PHASE I: Analyze existing archival systems and visualization techniques that can be leveraged and improved to meet the topic objective. Conduct an analysis and create a model of a data visualization application from an existing large dataset that estimates the minimum number of assets that are required to create a viable, interactive and scalable system. Phase I deliverables include application source code, preliminary performance results, and a final report.

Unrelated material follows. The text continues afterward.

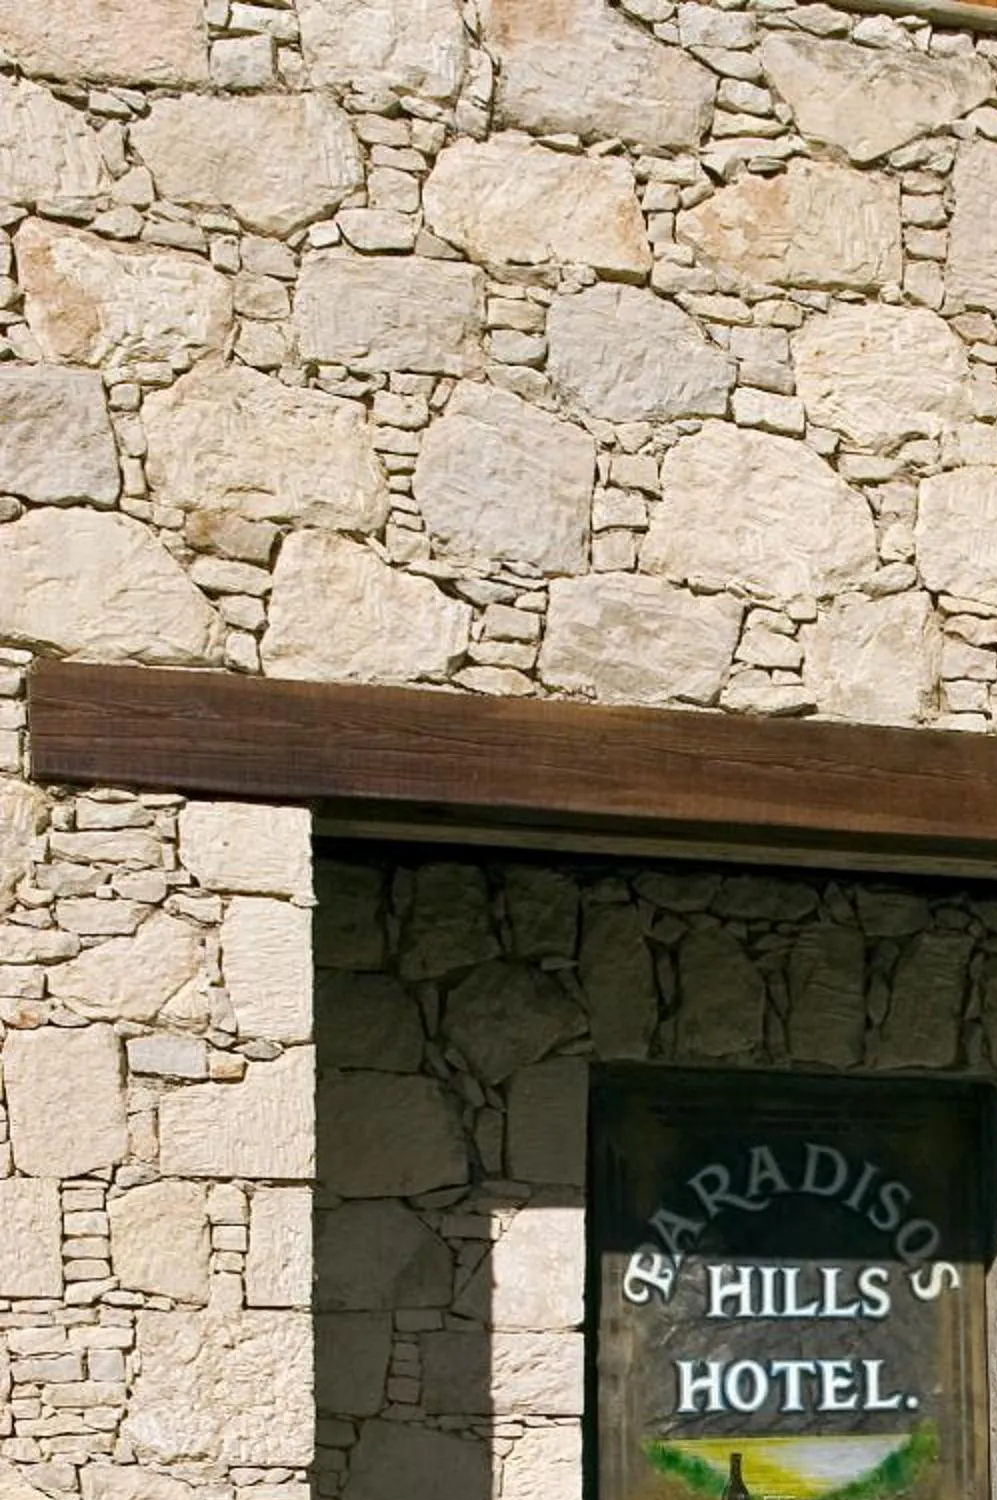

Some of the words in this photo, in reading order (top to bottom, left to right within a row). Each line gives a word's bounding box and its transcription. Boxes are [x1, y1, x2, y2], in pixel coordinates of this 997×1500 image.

PHASE II: Create a data visualization software application prototype with the following capabilities: 1) can be implemented at different levels of secure environments; 2) easily ingest datasets ranging from 10,000-10,000,000 documents of varied file types; 3) index the datasets with the potential for daily, weekly or monthly updates; 4) and an innovative indexing feature adaptable to non-structured and structured datasets. The user interface for the application must meet the following requirements: 1) intuitive to navigate with no training; 2) display the data in organized categories; 3) enable users to modify the number and type of categories; 4) highlight connections between categories; and 5) display trends in the data. Conduct market analysis of two potential areas of insertion, which includes a description of how the targeted users impacted the design and functionality of the system. Phase II deliverables will include a product that is ready for beta release for market testing, a preliminary commercialization plan, and final report.
PHASE III: At the conclusion of the SBIR effort, potential military partners such as the Office of Naval Research and the Army Research Office, should be contacted for interest in adopting the innovative software platform to enable increased access to pertinent information embedded in archived data. Other military organizations such as US Army Medical Research and Materiel Command (USAMRMC) could also use the technology to rapidly index their large datasets and provide a user-interface that enables the user to extract more information than the current indexing tools. Commerical applications such as large businesses that are collecting purchasing information could use this technology to parse through their large quantities of data and display consumer information in a more meaningful and useful way.
1: Ibrahim Abaker Targio Hashem, Ibrar Yaqoob, Nor Badrul Anuar, Salimah Mokhtar, Abdullah Gani, Samee Ullah Khan, The rise of big data on cloud computing: Review and open research issues, Information Systems 47 (2015) pp.98-115.
2: M. James, M. Chui, B. Brown, J. Bughin, R.Dobbs, C. Roxburgh, A. Hung Byers, Big data: The next frontier for innovation, competition and productivity. McKinsey Global Institute. May 2011.
3: R.L. Villars, C.W. Olofson, M. Eastwood, Bigdata:whatitisandwhyyoushouldcare, WhitePaper, IDC, 2011, MA, USA.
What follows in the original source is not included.